By EUGENIO BUCCI*
To understand power in Brazil, it's no use looking at the US
An old magazine editor, now deceased, used to say that if you want to know what will happen to the publishing market in Brazil ten years from now, just look at the US market now. Following his motto, he made the right decisions – he made mistakes a few times, it is true, but he accumulated a balance beyond positive.
As for policy, deferred mirroring doesn't work. What happens in the land of Uncle Sam today will not happen again in the Land of the Sun tomorrow. Here, God and the devil clash in other ways. It is a fact that, for some time now, the stupidity of trumpism has served as a trailer for Bolsonarist boçality, but, in this case, what exists is mere imitation: the followers of the President of the Republic – who is still there, although he is no longer there – are just a disgusting plagiarism of the white supremacists who invaded the Capitol, more or less less like the chanchadas of Atlantis were a happy parody of Hollywood cinema.
That said, let's explain. The Brazilian publishing market, especially in the second half of the XNUMXth century, followed the model that worked in New York and surroundings: it copied the organization chart of companies, graphic solutions and even style manuals. Hence, if you need to anticipate one trend or another in the publishing market, it is worth looking for examples in the United States. In the universe of politics, everything is different: the form of the parties there does not compare with the tropical mess, not to mention the electoral rules, the background religious convictions, the coloring of racism, the culture. Therefore, to understand power in Brazil, there is no point in looking there.
It is worth looking at Argentina
Calm down, don't get mad. It does nothing to delete this text and change the subject. Like it or not, there is more to Buenos Aires in Brasilia than our colonized petulance dreams of. You hermanos they had Peronism there, we had Getulism here. We had a military dictatorship, so did they. Kirchnerism there, Lulism here. Yes, everyone knows that they are different things, Of course, but, Madre de Dios, how similar they are – they are similar, above all, when they contrast.
This does not mean that, looking at the Buenos Aires political scene, we can see what will happen to us in the near future. What exists between the two countries is a crisp, clumsy identity, which generates a general adherence through traits that, isolatedly, repel each other. It's like we're reversed drafts of each other – drafts that never came to a definitive version of anything. Brazil and Argentina are united by what differs, by opposites; above all, they become brothers because they suffer from analogous (homologous) torments that can never be resolved.
Nowadays, many of us, Brazilians, we have seen the film with pleasure Argentine, 1985 (available, for now, on Amazon Prime). Directed by Santiago Miter and starring Ricardo Darín, the feature film shows the judgment that, in 1985, condemned the top of the Armed Forces for serious violations of human rights during the dictatorship (1976-1983). Crimes of kidnapping, torture, murder and (mass) concealment of corpses were exposed and proven in court.
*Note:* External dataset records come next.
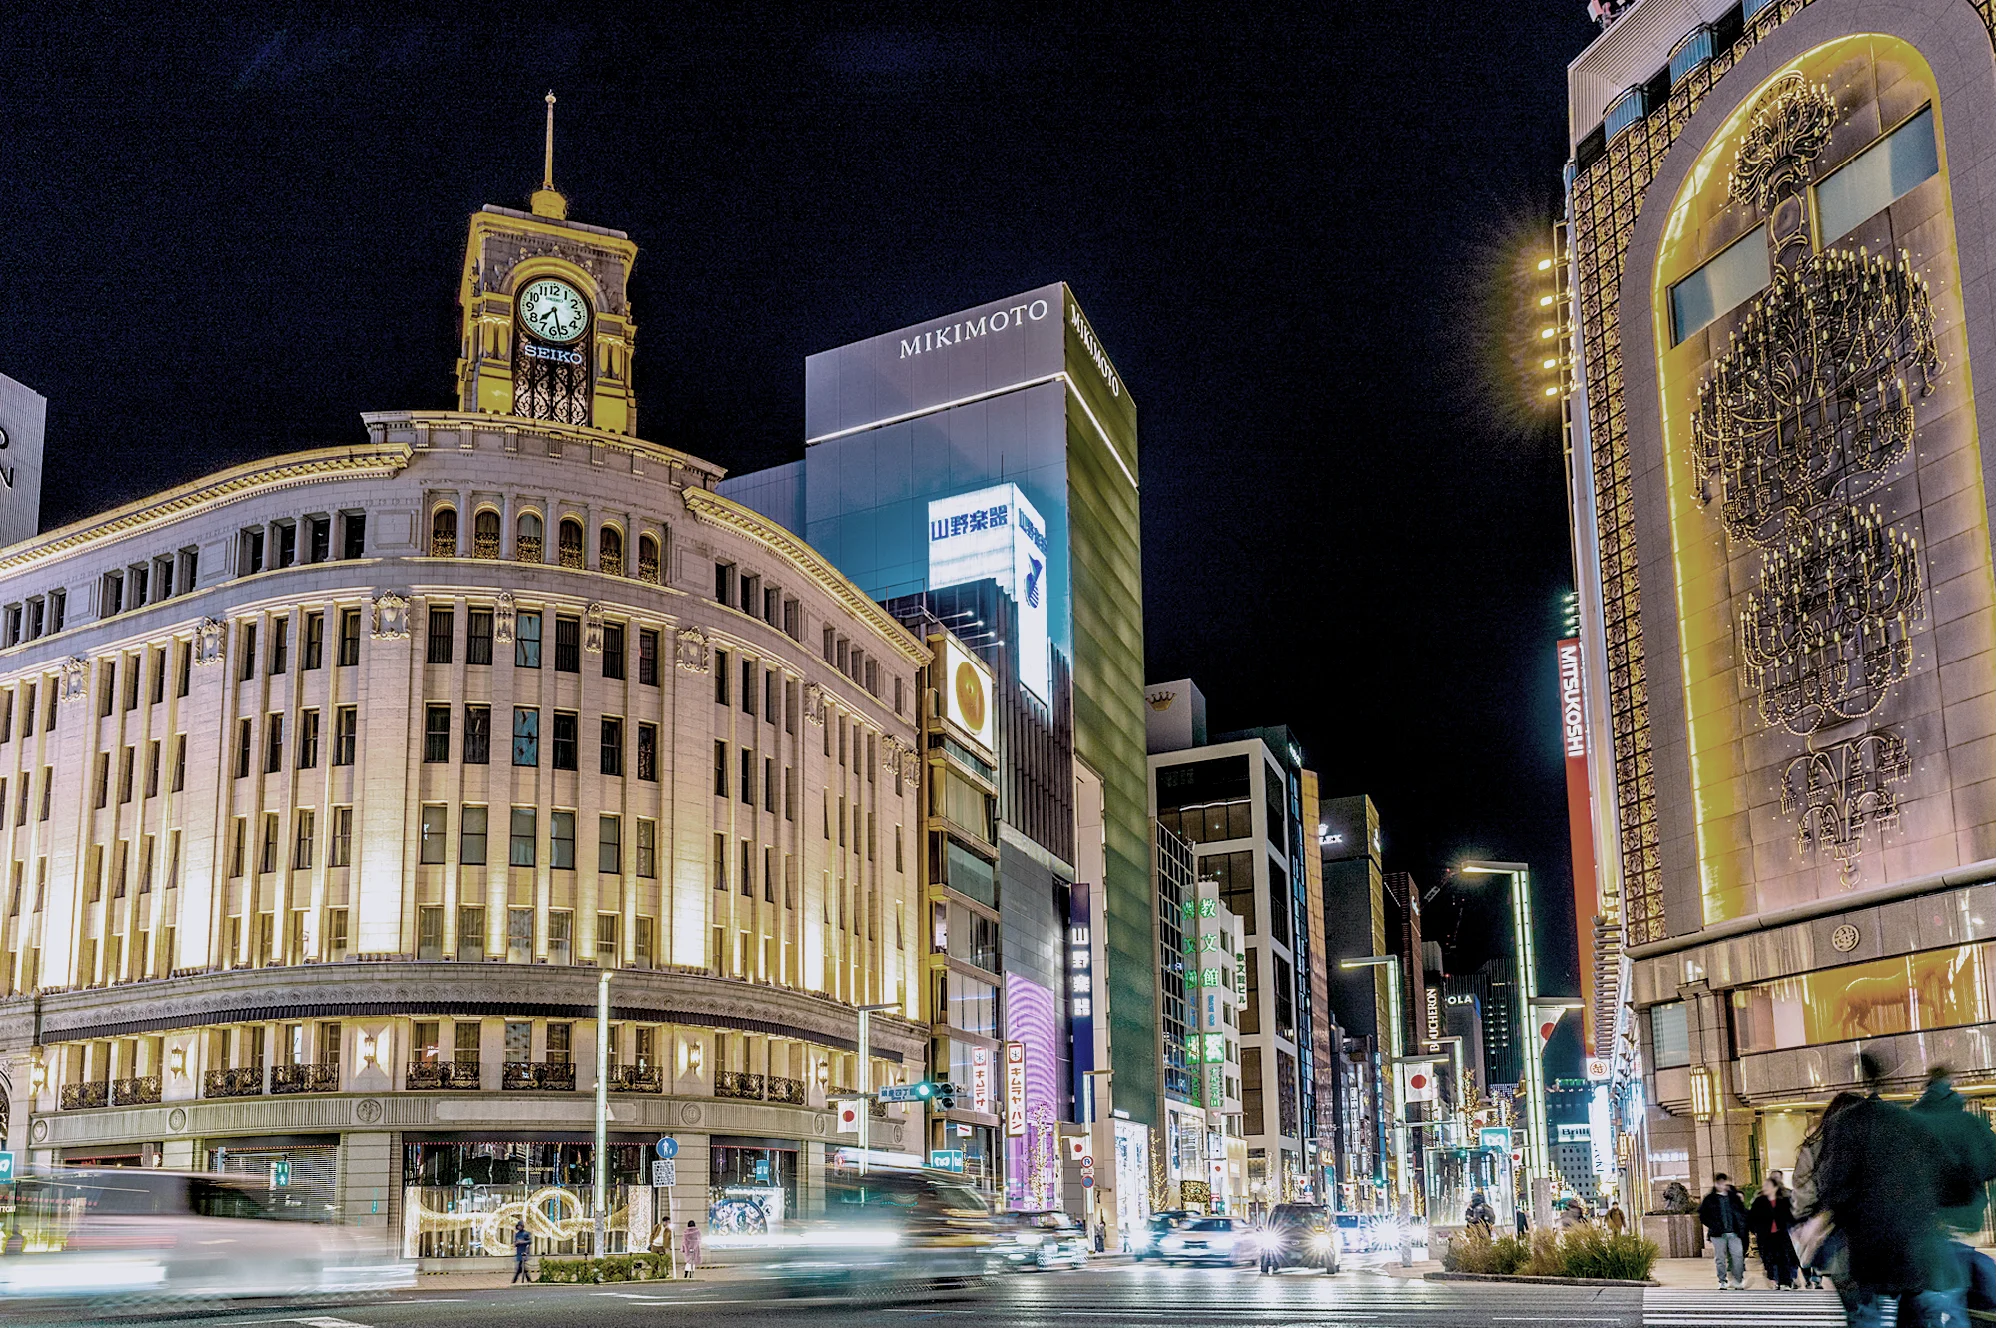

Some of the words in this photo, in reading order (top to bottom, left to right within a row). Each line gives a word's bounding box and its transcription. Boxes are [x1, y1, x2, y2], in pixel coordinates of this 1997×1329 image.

[539, 286, 547, 296] 11
[550, 286, 560, 296] 12
[564, 291, 567, 300] 1
[530, 292, 539, 302] 10
[526, 302, 534, 311] 9
[571, 299, 578, 309] 2
[529, 312, 538, 323] 8
[574, 310, 582, 320] 3
[539, 322, 547, 331] 7
[561, 325, 568, 335] 5
[569, 321, 578, 330] 4
[899, 299, 1048, 359] MIKIMOTO
[549, 326, 557, 336] 6
[525, 344, 582, 364] SEIKO
[1071, 303, 1119, 397] MIKIMOTO
[931, 504, 1008, 542] 山野楽器
[1561, 645, 1584, 757] MITSUKOSHI
[1199, 898, 1219, 987] 教文館
[1445, 995, 1473, 1005] OLA
[1426, 988, 1440, 1052] BUCHERON
On the merits of the accuser, public prosecutor Julio Strassera (Darín), Justice sent high-ranking tyrants to jail, including Rafael Videla. (Shortly afterwards, in 1990, Videla was released by President Menem, but in 1998 he returned to serve his life sentence. He died in prison in 2013.)
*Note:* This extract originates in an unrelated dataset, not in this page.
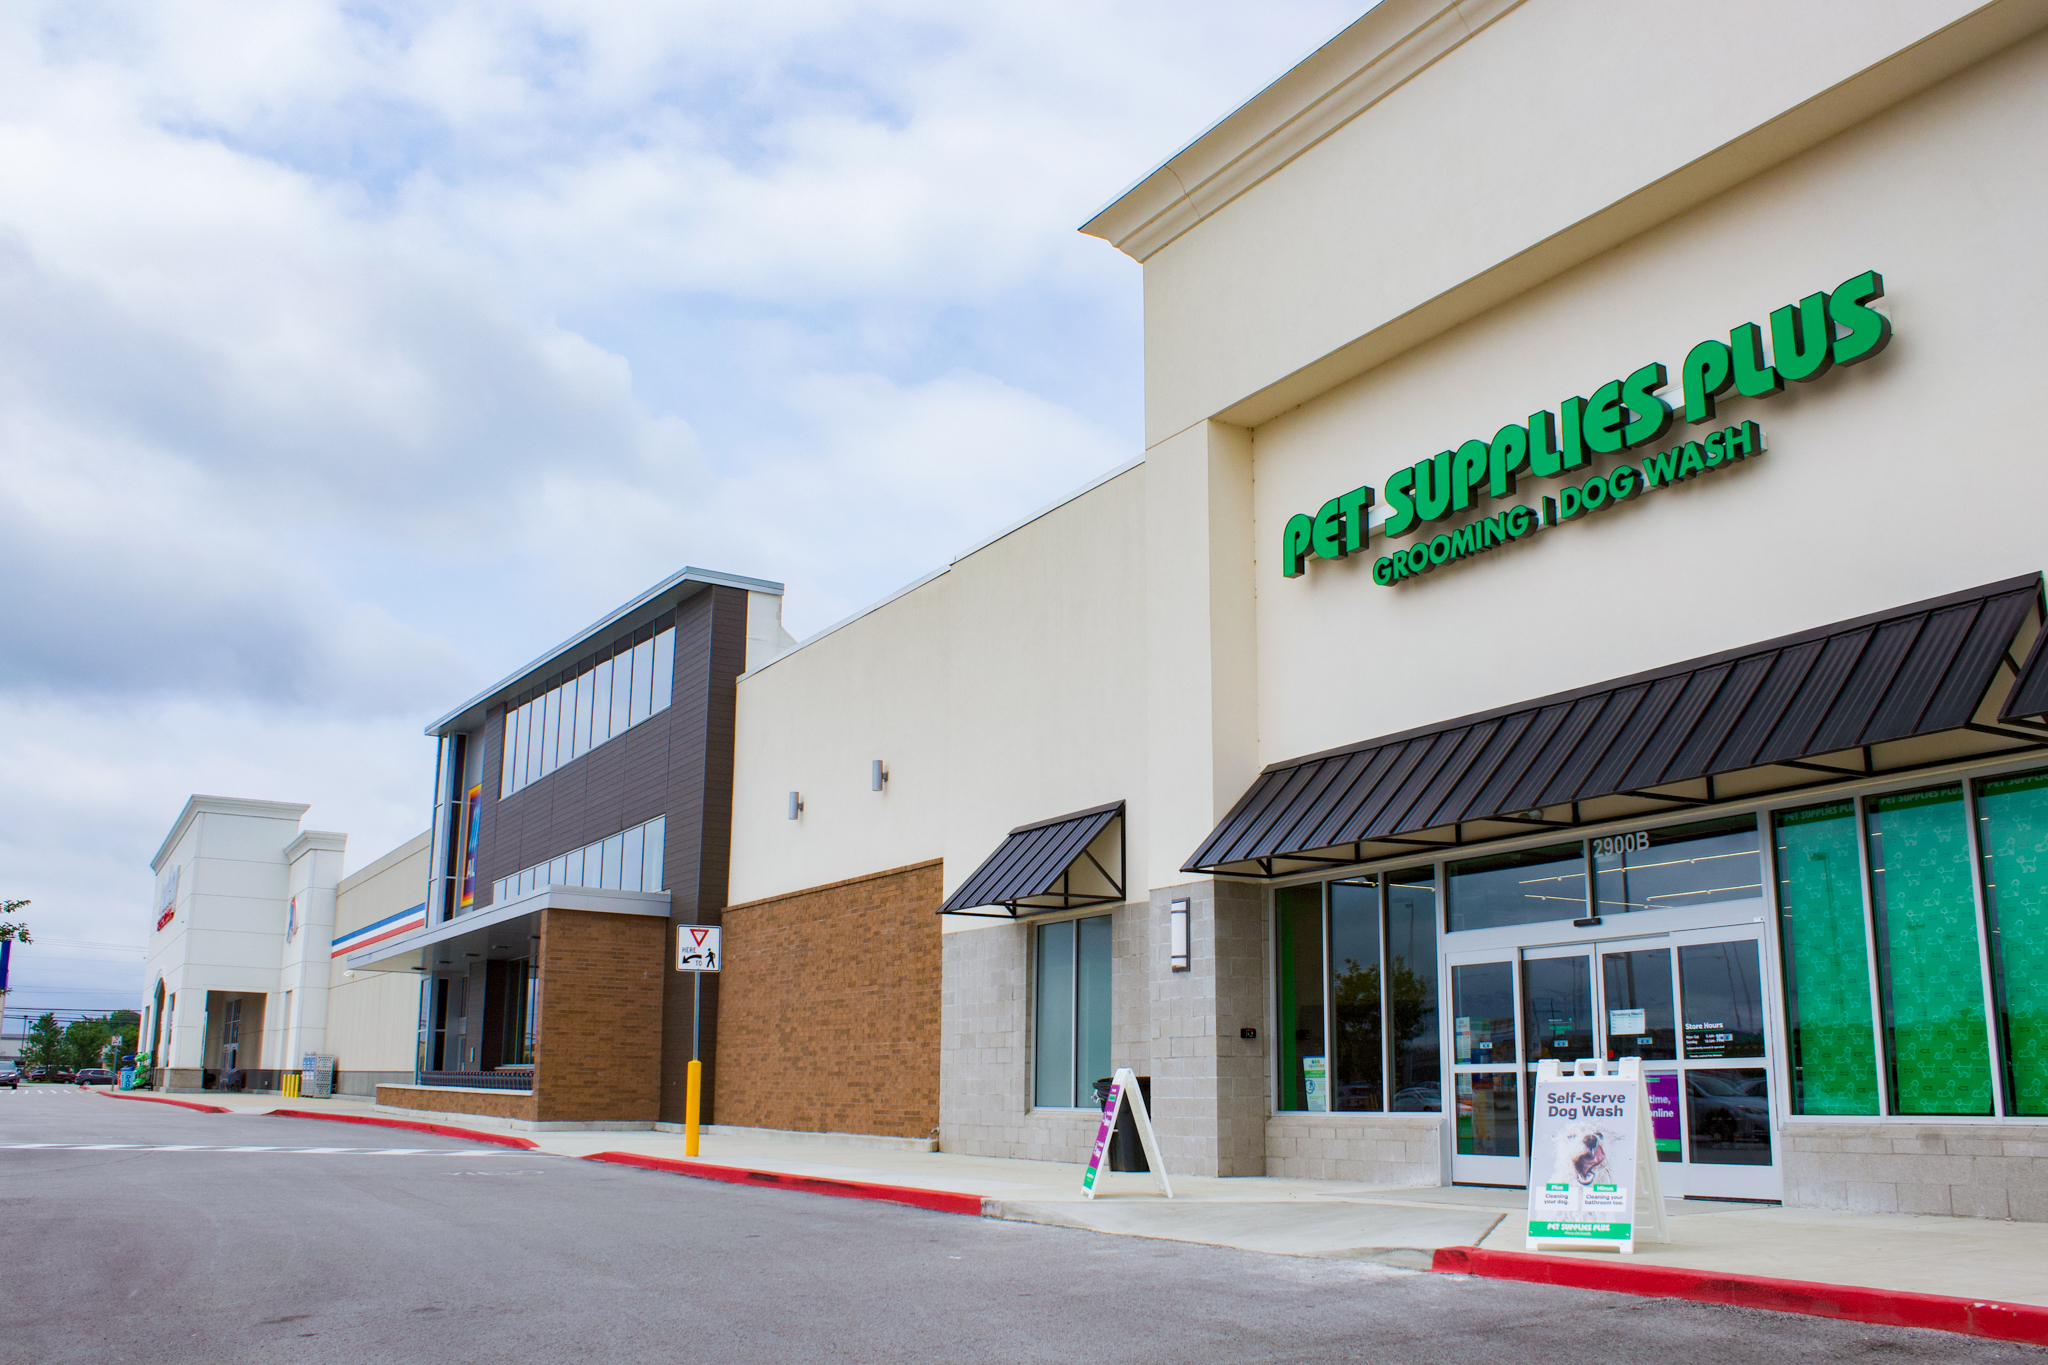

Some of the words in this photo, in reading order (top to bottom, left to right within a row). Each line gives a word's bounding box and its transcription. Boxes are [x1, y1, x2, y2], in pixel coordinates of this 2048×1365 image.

The film is a beauty. It won the Critics' Prize at the Venice Film Festival and should shine at next year's Oscars. With a linear narrative, to the point of being didactic, it follows what moviegoers would call “classic decoupage”: it has a beginning, middle and end, necessarily in that order. The costumes, the sets and even the cars vividly restore the look of the year in question, all naturally, without affectation. Thanks to a meticulous and even obsessive production, we go back four decades in time – and thank you.
For the Brazilian spectator, however, the high point is not the plastic care, but the political sense of the work. What matters is the contrast. Throughout the session, we asked ourselves endlessly: why there, in Argentina, did they put the torture commanders behind bars and, here, we wiped them?
Certainly, there are diverse and pertinent theories. “It's just that in Argentina the balance point is different”, once said a literary critic from São Paulo. In fact, here there is a considerable tendency to accommodate the irreconcilable, to amnesty the non-amnesty. In Brazil, it seems that even the State, as if it were an individual, deserves pardons, pardons and pats on the back. Impunity reigns as the only recipe for pacification.
And now? What is the moral of this article here? What is the right path: punish or forget? Unfortunately, it doesn't matter. Worst of all, it's all the same. The two drafts, Brazil and Argentina, differ in terms of scripts to match the outcome: in the end, they go equally wrong. Everything ends badly, even when it starts again.
* Eugene Bucci He is a professor at the School of Communications and Arts at USP. Author, among other books, of The superindustry of the imaginary (authentic).